SOURCE MATERIAL
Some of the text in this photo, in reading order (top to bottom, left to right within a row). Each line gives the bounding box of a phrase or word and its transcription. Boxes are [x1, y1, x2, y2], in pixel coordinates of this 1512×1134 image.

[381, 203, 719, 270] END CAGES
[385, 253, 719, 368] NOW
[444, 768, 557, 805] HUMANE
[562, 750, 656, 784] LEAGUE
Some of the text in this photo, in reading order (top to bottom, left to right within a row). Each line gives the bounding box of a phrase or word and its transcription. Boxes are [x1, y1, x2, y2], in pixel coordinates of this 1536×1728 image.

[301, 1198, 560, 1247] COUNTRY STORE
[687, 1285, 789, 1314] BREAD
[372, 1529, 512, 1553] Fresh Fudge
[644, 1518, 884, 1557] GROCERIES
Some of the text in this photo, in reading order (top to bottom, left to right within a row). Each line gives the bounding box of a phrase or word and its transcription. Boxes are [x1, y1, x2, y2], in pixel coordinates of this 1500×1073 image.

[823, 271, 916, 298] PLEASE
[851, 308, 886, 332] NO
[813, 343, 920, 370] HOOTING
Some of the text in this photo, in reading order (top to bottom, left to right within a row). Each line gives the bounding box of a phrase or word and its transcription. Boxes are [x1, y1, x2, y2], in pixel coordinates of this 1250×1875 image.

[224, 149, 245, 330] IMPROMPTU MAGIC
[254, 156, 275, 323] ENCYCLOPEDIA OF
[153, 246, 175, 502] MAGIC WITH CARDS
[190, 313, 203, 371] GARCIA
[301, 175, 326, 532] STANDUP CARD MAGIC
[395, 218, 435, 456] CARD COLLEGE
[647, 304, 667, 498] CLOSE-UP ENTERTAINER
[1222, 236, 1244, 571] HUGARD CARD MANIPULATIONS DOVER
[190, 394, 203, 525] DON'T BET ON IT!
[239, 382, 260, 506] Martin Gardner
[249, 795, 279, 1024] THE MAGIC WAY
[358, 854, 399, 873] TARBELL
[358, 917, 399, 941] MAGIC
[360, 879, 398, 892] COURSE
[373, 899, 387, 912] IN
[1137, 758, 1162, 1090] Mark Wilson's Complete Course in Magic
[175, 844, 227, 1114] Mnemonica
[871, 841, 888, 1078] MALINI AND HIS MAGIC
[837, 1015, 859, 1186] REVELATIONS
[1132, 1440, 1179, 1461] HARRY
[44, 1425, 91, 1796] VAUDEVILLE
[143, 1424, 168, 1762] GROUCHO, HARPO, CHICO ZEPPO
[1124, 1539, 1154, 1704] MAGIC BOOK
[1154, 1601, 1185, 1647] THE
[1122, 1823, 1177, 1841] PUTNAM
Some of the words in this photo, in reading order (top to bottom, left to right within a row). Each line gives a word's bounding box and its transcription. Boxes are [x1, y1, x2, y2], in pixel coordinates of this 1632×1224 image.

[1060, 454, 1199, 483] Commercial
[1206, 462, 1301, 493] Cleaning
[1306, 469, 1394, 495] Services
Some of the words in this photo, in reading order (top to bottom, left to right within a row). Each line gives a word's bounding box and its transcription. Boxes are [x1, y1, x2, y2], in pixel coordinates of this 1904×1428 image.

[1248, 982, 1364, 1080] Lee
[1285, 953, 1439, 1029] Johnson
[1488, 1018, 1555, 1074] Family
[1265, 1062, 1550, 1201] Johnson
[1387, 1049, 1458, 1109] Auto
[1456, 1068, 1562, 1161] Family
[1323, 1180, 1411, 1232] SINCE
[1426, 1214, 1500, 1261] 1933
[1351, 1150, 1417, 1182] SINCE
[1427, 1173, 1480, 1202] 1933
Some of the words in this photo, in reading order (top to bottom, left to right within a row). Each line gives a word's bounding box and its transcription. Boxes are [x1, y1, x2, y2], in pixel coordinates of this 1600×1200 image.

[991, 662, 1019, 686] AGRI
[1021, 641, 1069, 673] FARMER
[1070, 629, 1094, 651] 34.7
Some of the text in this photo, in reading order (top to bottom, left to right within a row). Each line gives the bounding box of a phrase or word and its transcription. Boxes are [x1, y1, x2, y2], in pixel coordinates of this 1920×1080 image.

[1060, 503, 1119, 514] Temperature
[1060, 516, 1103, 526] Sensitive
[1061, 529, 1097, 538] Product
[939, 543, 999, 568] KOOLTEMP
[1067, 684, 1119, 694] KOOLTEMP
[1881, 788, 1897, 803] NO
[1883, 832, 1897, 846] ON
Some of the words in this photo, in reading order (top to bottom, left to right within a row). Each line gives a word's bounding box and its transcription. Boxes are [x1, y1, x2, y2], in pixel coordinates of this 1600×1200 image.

WORK INSTRUCTION
All of the material above is to be retyped word for word.

REPLY
Some of the text in this photo, in reading order (top to bottom, left to right within a row). Each line gives the bounding box of a phrase or word and its transcription. Boxes are [x1, y1, x2, y2], in pixel coordinates of this 1512×1134 image.

[381, 203, 719, 270] END CAGES
[385, 253, 719, 368] NOW
[444, 768, 557, 805] HUMANE
[562, 750, 656, 784] LEAGUE
Some of the text in this photo, in reading order (top to bottom, left to right within a row). Each line gives the bounding box of a phrase or word and its transcription. Boxes are [x1, y1, x2, y2], in pixel coordinates of this 1536×1728 image.

[301, 1198, 560, 1247] COUNTRY STORE
[687, 1285, 789, 1314] BREAD
[372, 1529, 512, 1553] Fresh Fudge
[644, 1518, 884, 1557] GROCERIES
Some of the text in this photo, in reading order (top to bottom, left to right within a row). Each line gives the bounding box of a phrase or word and its transcription. Boxes are [x1, y1, x2, y2], in pixel coordinates of this 1500×1073 image.

[823, 271, 916, 298] PLEASE
[851, 308, 886, 332] NO
[813, 343, 920, 370] HOOTING
Some of the text in this photo, in reading order (top to bottom, left to right within a row). Each line gives the bounding box of a phrase or word and its transcription. Boxes are [x1, y1, x2, y2], in pixel coordinates of this 1250×1875 image.

[224, 149, 245, 330] IMPROMPTU MAGIC
[254, 156, 275, 323] ENCYCLOPEDIA OF
[153, 246, 175, 502] MAGIC WITH CARDS
[190, 313, 203, 371] GARCIA
[301, 175, 326, 532] STANDUP CARD MAGIC
[395, 218, 435, 456] CARD COLLEGE
[647, 304, 667, 498] CLOSE-UP ENTERTAINER
[1222, 236, 1244, 571] HUGARD CARD MANIPULATIONS DOVER
[190, 394, 203, 525] DON'T BET ON IT!
[239, 382, 260, 506] Martin Gardner
[249, 795, 279, 1024] THE MAGIC WAY
[358, 854, 399, 873] TARBELL
[358, 917, 399, 941] MAGIC
[360, 879, 398, 892] COURSE
[373, 899, 387, 912] IN
[1137, 758, 1162, 1090] Mark Wilson's Complete Course in Magic
[175, 844, 227, 1114] Mnemonica
[871, 841, 888, 1078] MALINI AND HIS MAGIC
[837, 1015, 859, 1186] REVELATIONS
[1132, 1440, 1179, 1461] HARRY
[44, 1425, 91, 1796] VAUDEVILLE
[143, 1424, 168, 1762] GROUCHO, HARPO, CHICO ZEPPO
[1124, 1539, 1154, 1704] MAGIC BOOK
[1154, 1601, 1185, 1647] THE
[1122, 1823, 1177, 1841] PUTNAM
Some of the words in this photo, in reading order (top to bottom, left to right within a row). Each line gives a word's bounding box and its transcription. Boxes are [x1, y1, x2, y2], in pixel coordinates of this 1632×1224 image.

[1060, 454, 1199, 483] Commercial
[1206, 462, 1301, 493] Cleaning
[1306, 469, 1394, 495] Services
Some of the words in this photo, in reading order (top to bottom, left to right within a row). Each line gives a word's bounding box and its transcription. Boxes are [x1, y1, x2, y2], in pixel coordinates of this 1904×1428 image.

[1248, 982, 1364, 1080] Lee
[1285, 953, 1439, 1029] Johnson
[1488, 1018, 1555, 1074] Family
[1265, 1062, 1550, 1201] Johnson
[1387, 1049, 1458, 1109] Auto
[1456, 1068, 1562, 1161] Family
[1323, 1180, 1411, 1232] SINCE
[1426, 1214, 1500, 1261] 1933
[1351, 1150, 1417, 1182] SINCE
[1427, 1173, 1480, 1202] 1933
Some of the words in this photo, in reading order (top to bottom, left to right within a row). Each line gives a word's bounding box and its transcription. Boxes are [x1, y1, x2, y2], in pixel coordinates of this 1600×1200 image.

[991, 662, 1019, 686] AGRI
[1021, 641, 1069, 673] FARMER
[1070, 629, 1094, 651] 34.7
Some of the text in this photo, in reading order (top to bottom, left to right within a row). Each line gives the bounding box of a phrase or word and its transcription. Boxes are [x1, y1, x2, y2], in pixel coordinates of this 1920×1080 image.

[1060, 503, 1119, 514] Temperature
[1060, 516, 1103, 526] Sensitive
[1061, 529, 1097, 538] Product
[939, 543, 999, 568] KOOLTEMP
[1067, 684, 1119, 694] KOOLTEMP
[1881, 788, 1897, 803] NO
[1883, 832, 1897, 846] ON
Some of the words in this photo, in reading order (top to bottom, left to right within a row). Each line gives a word's bounding box and its transcription. Boxes are [x1, y1, x2, y2], in pixel coordinates of this 1600×1200 image.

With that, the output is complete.